Write or overwrite a VTOC on a disk. Its input format is compatible with the output produced by prtvtoc, so it is possible to copy the VTOC between two disks by means of a command like this:

prtvtoc /dev/rdsk/c1t0d0s2 | fmthard -s - /dev/rdsk/c1t1d0s2

This is obviously not meaningful if the second disk do not have enough space. If the disks are of different sizes, you can use something like this:

prtvtoc /dev/rdsk/c1t0d0s2 | awk '$1 != 2' | fmthard -s - /dev/rdsk/c1t1d0s2

The above awk command will cause the entry for slice 2 to be committed, and fmthard will then maintain the existing entry or, if none exists, create a default one on the target disk.

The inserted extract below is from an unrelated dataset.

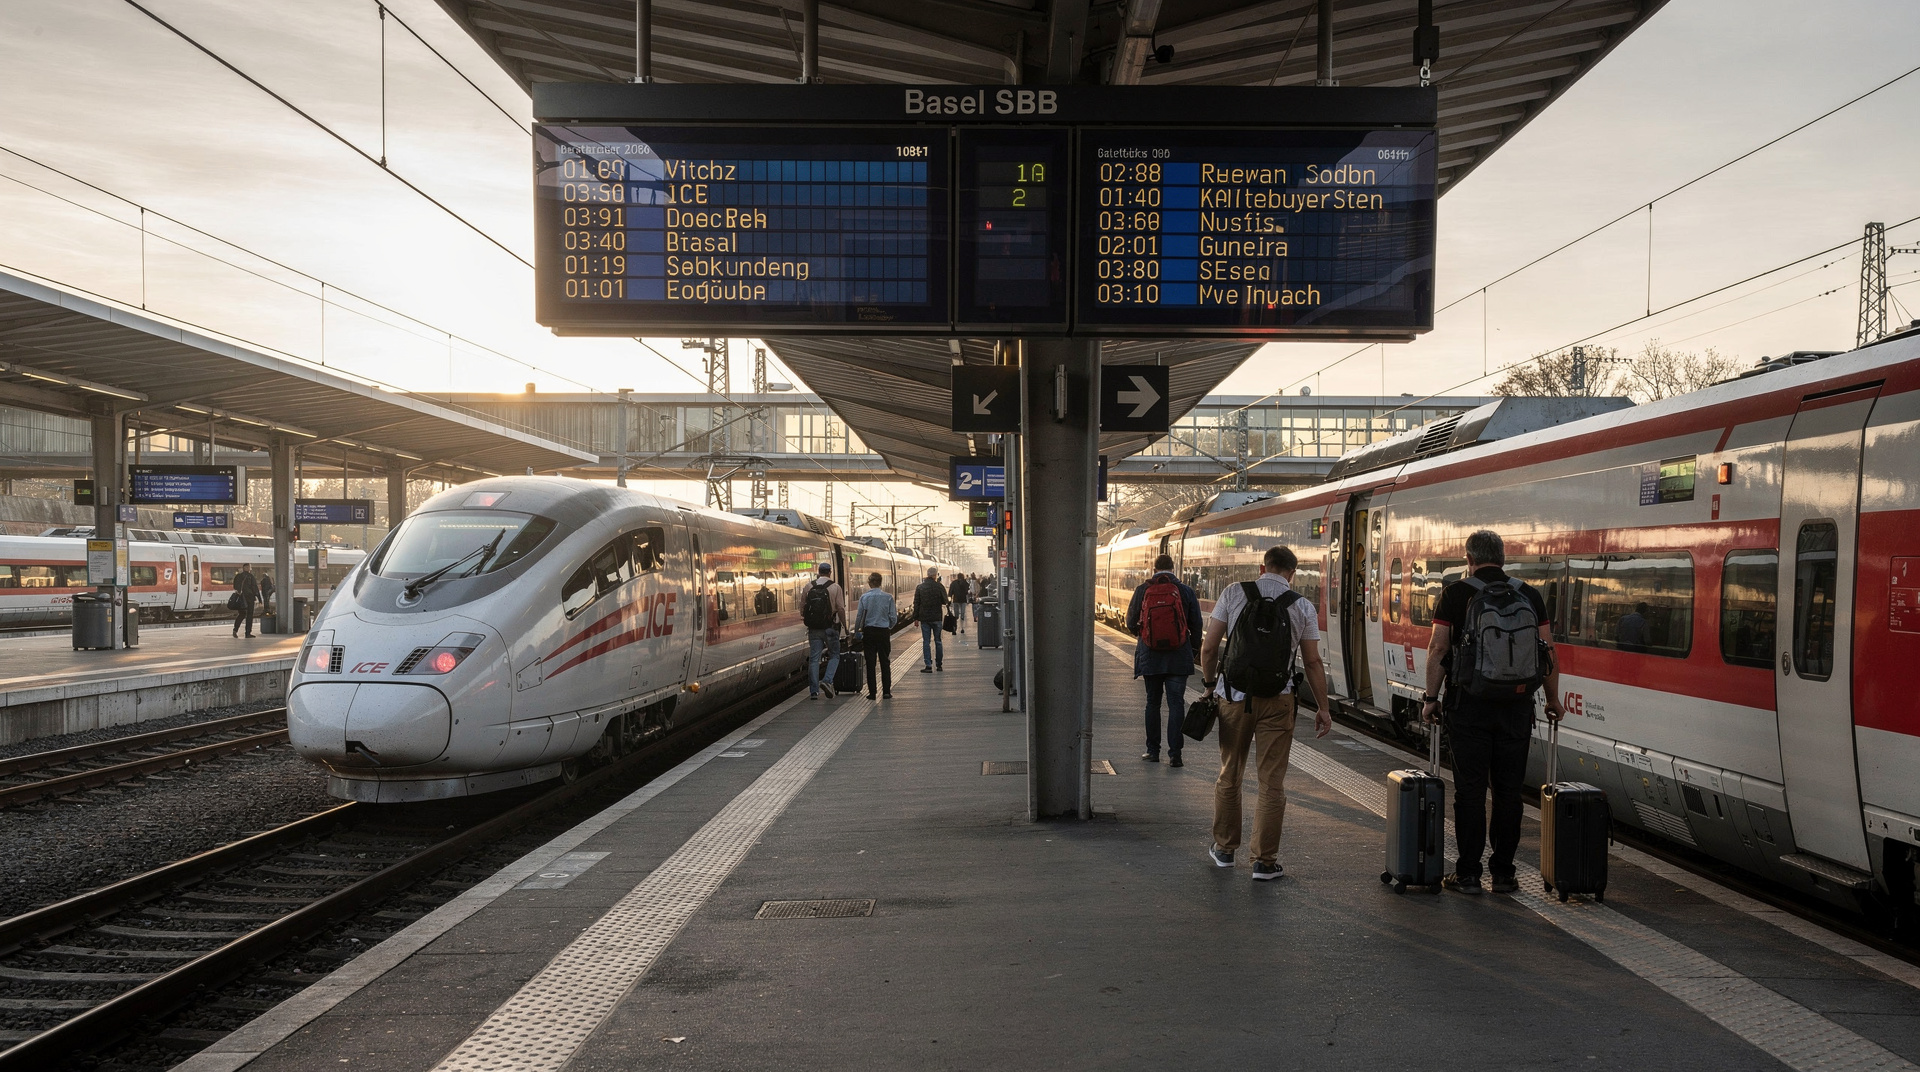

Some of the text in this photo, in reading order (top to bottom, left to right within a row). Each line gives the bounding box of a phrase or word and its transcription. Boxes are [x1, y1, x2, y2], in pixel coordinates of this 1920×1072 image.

Also note, as implied above, Solaris slices can (and often do) overlap. Care needs to be taken to not have file systems on slices which overlap other slices.

iostat -En

Show "Error" information about disks, and often very usefull, the firmware revisions and manufacturer's identifier strings.

format -e

This reveals [enhanced|advanced] functionality, such as the cache option on SCSI disks.

format -Mm

Enable debugging output, particularly makes SCSI probe failures non-silent.

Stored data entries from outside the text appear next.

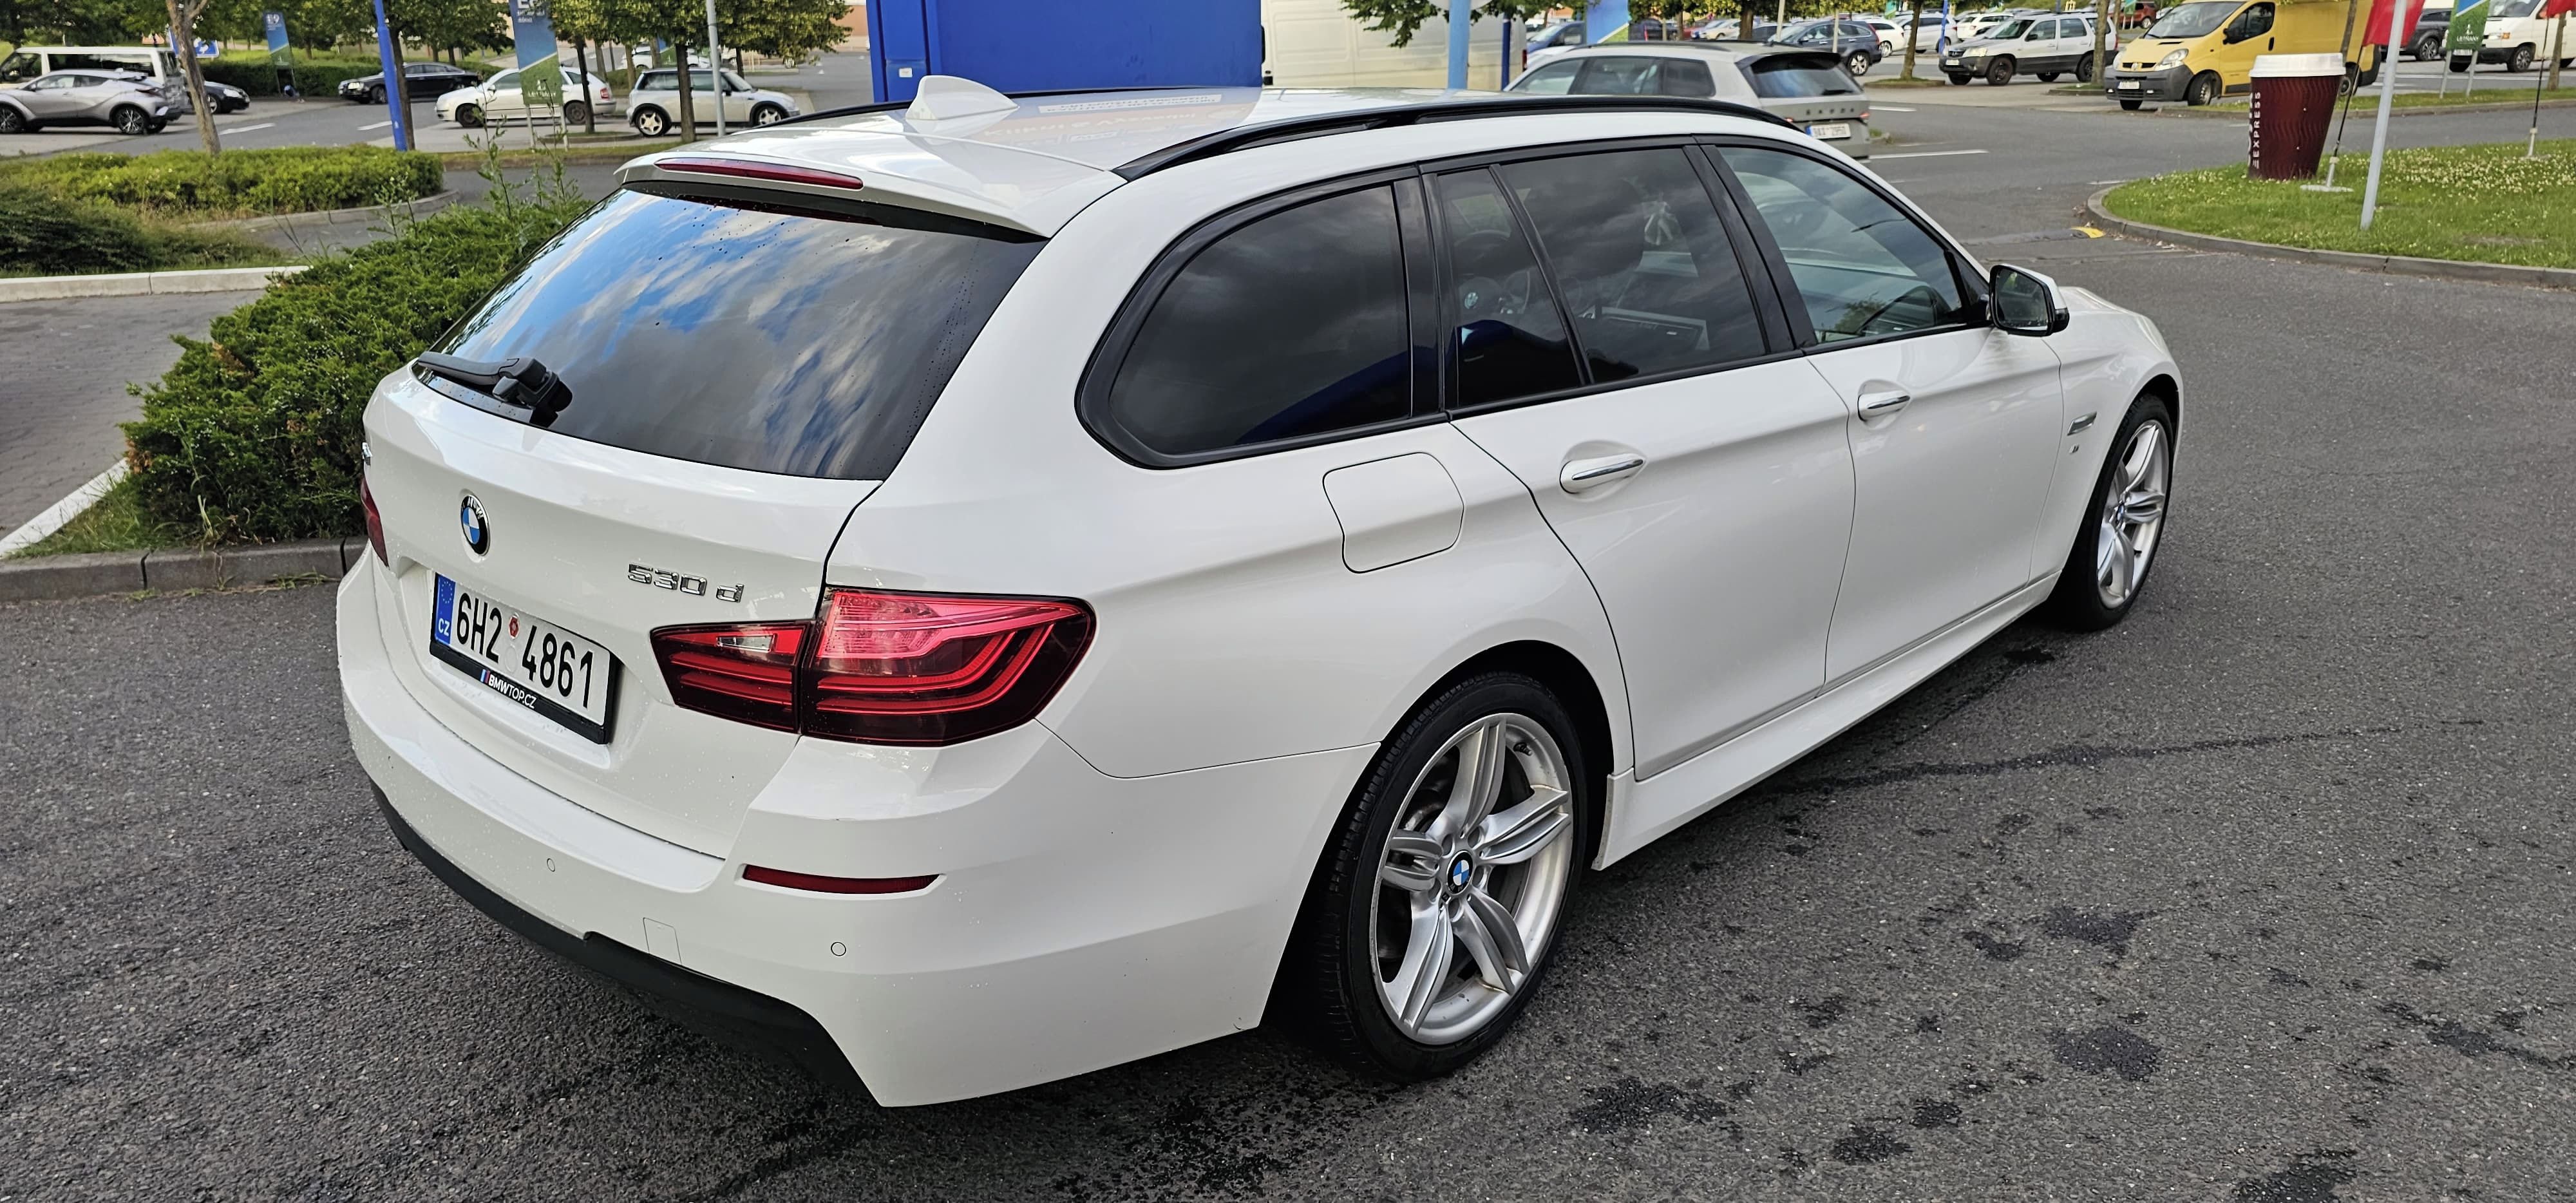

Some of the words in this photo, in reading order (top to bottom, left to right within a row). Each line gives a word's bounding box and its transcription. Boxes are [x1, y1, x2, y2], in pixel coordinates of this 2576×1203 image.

[2253, 91, 2261, 158] EXPRESS
[628, 563, 708, 596] 530
[715, 583, 744, 603] d
[437, 618, 451, 637] CZ
[456, 592, 503, 664] 6H2
[521, 625, 594, 709] 4861
[488, 676, 537, 709] BMWTOP.CZ

cfgadm and luxadm also deserves honorable mention here. These commands manage disk enclosures, detaching and attaching, etc. but are also used in managing some aspects of disks.

luxadm -e port

Show list of FC HBAs.

luxadm can also for example be used to set the beacon LED on individual disks in FCAL enclosures that support this function. The details are somewhat specific to the relevant enclosure.

cfgadm can be used to probe SAN connected subsystems, eg by doing:

cfgadm -c configure c2::XXXXXXXXXXXX

(where XXXXXXXXXXX is the enclosure port WWN, using controller c2)

Hopefully this gives you an idea about how disk device names, controller names, and partitions and slices all relate to one another.

Reading and Writing ISO images using Solaris

2008-07-16T20:31:00.004+02:00

After my recent post on mounting ISO image files I thought I should write a quick article on the other ways of using these files: Reading a disk in to a file and burning a file to a disk. This is not a complete guide on the topic by a long shot, but if you just want the quick start answer, it is here.

If you have an iso9660 CD (or DVD) image file that you want to burn to a disk, you simply use this command:

# cdrw -i filename.iso

This will write the file named filename.iso to the default cd writer device. If working with DVD media, the session is closed (using Disk at once writing), while for CD media Track-at-once writing is used.

To create an ISO image from a disk, use this command:

# readcd dev=/dev/rdsk/c1t0d0s2 f=filename.iso speed=1 retries=20

readcd needs at least the device and the file to be specified. To discover the device, you can use the command "iostat -En" and look for the Writer device, or you can let readcd scan for a device, using a command like this:

# readcd -scanbus

scsibus1:
 1,0,0 100) 'MATSHITA' 'DVD-RAM UJ-841S ' '1.40' Removable CD-ROM
 1,1,0 101) *
 1,2,0 102) *
 1,3,0 103) *
 1,4,0 104) *
 1,5,0 105) *
 1,6,0 106) *
 1,7,0 107) *

The device 1,0,0 can be used directly, or you can convert it to the Solaris naing convention as I did in the example above.

There are of course other ways of doing it, feel free to comment and tell me about your fevourite method for reading to or burning from ISO-image files.

A short guide to the Solaris Loop-back file systems and mounting ISO images

2008-07-09T12:47:00.002+02:00

The Solaris Loop-back file system is a handy bit of software, allowing you to "mount" directories, files and, in particular, CD or DVD image files in ISO-9660 format.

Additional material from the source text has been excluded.